During restore, the proposal is that Velero will determine if the APIGroupVersionsFeatureFlag was enabled in the target cluster and Status.FormatVersion 1.1.0 was used during backup. Only if these two conditions are met will the changes proposed here take effect.

The proposed code starts with creating three lists for each backed up resource. The three lists will be created by (1) reading the directory names in the backup tarball file and seeing which API group versions were backed up from the source cluster, (2) looking at the target cluster and determining which API group versions are supported, and (3) getting config maps from the target cluster in order to get user-defined prioritization of versions.

The three lists will be used to create a map of chosen versions for each resource to restore. If there is a user-defined list of priority versions, the versions will be checked against the supported versions lists. The highest user-defined priority version that is/was supported by both target and source clusters will be the chosen version for that resource. If no user specified versions are supported by neither target nor source, the versions will be logged and the restore will continue with other prioritizations.

Without a user-defined prioritization of versions, the following version prioritization will be followed, starting from the highest priority: target cluster preferred version, source cluster preferred version, and a common supported version. Should there be multiple common supported versions, the one that will be chosen will be based on the Kubernetes version priorities.
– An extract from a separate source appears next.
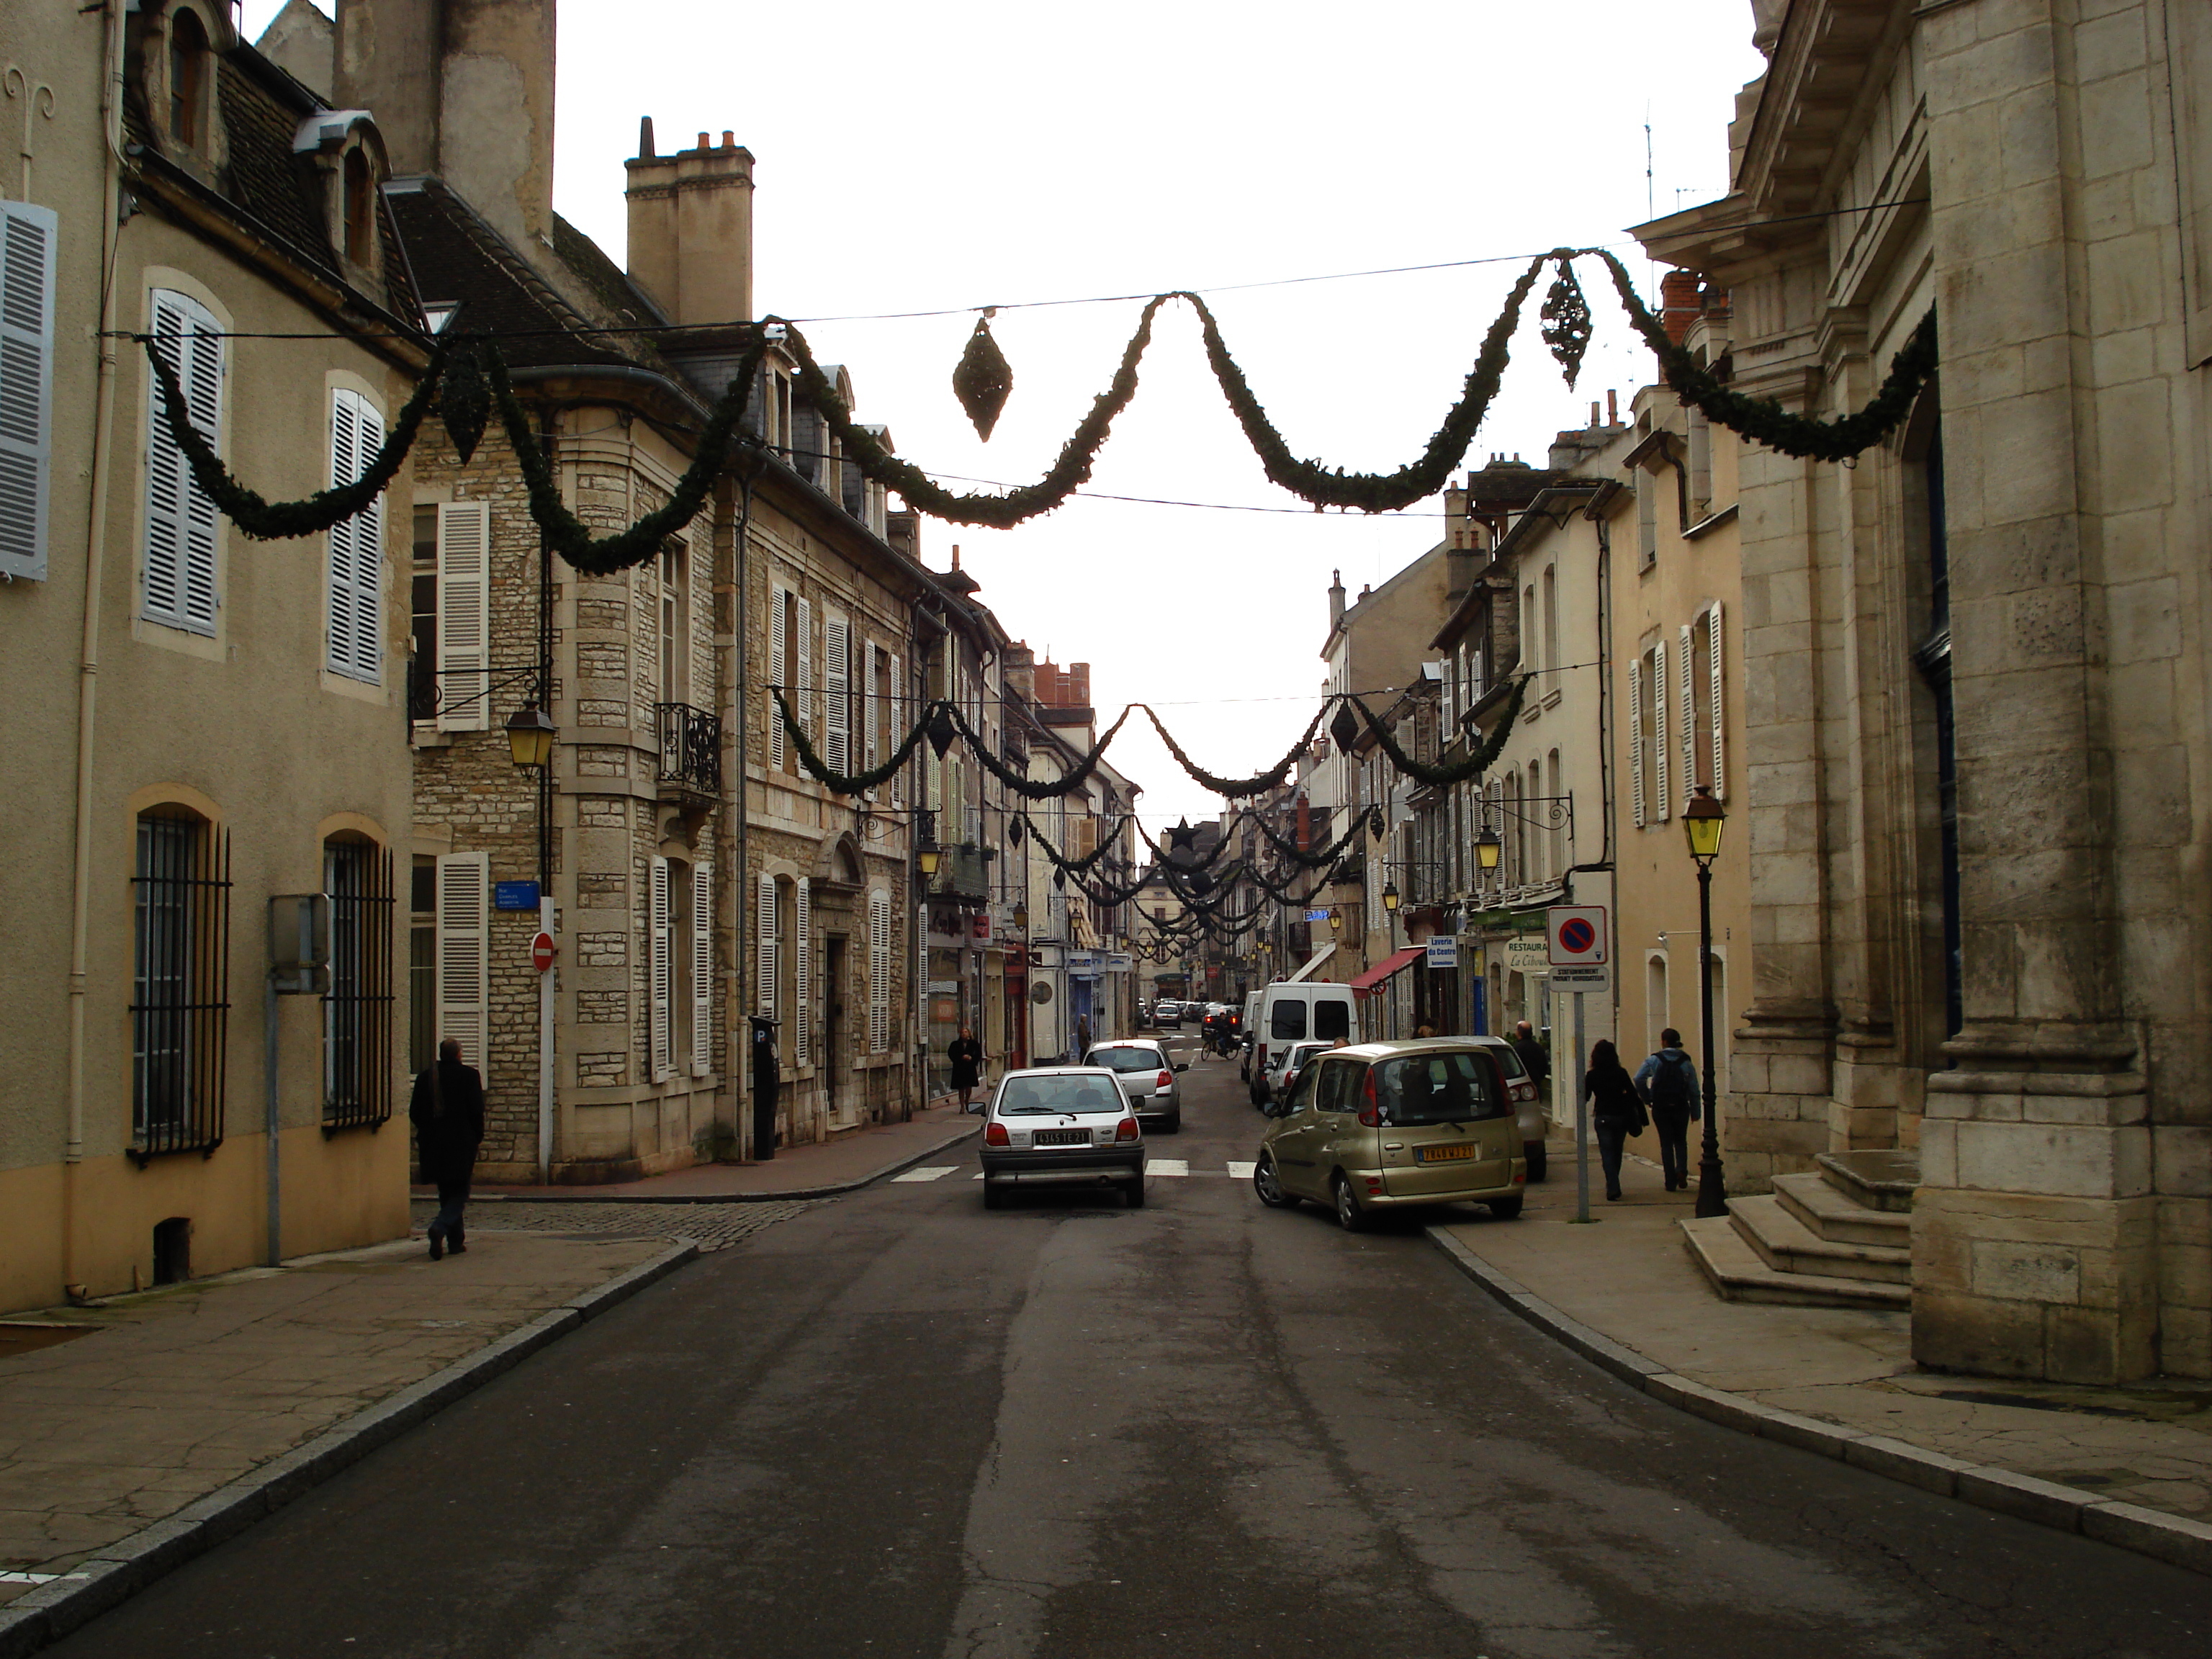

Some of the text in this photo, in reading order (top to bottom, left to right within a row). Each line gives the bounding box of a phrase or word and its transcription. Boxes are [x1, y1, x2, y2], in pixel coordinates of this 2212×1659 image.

Once the version to restore is chosen, the file path to the backed up resource in the tarball will be modified such that it points to the resources' chosen API group version. If no version is found in common between the source and target clusters, the chosen version will default to the source cluster's preferred version (the version being restored currently without the changes proposed here). Restore will be allowed to continue as before.

Detailed Design

There are six objectives to achieve the above stated goals:

  1. Determine if the APIGroupVersionsFeatureFlag is enabled and Backup Objects use Status.FormatVersion 1.1.0.
  2. List the backed up API group versions.
  3. List the API group versions supported by the target cluster.
  4. Get the user-defined version priorities.
  5. Use a priority system to determine which version to restore. The source preferred version will be the default if the priorities fail.
  6. Modify the paths to the backup files in the tarball in the resource restore process.

Objective 1: Determine if the APIGroupVersionsFeatureFlag is enabled and Backup Objects use Status.FormatVersion 1.1.0

For restore to be able to choose from multiple supported backed up versions, the feature flag must have been enabled during the restore processes. Backup objects must also have Status.FormatVersion == "1.1.0".

The reason for checking for the feature flag during restore is to ensure the user would like to restore a version that might not be the source cluster preferred version. This check is done via features.IsEnabled(velerov1api.APIGroupVersionsFeatureFlag).

The reason for checking Status.FormatVersion is to ensure the changes made by this proposed design is backward compatible. Only with Velero version 1.4 and forward was Format Version 1.1.0 used to structure the backup directories. Format Version 1.1.0 is required for the restore process proposed in this design doc to work. Before v1.4, the backed up files were in a directory structure that will not be recognized by the proposed code changes. In this case, restore should not attempt to restore from multiple versions as they will not exist.

The Status.FormatVersion is stored in a restoreContext struct field called backup. The full chain is ctx.backup.Status.FormatVersion.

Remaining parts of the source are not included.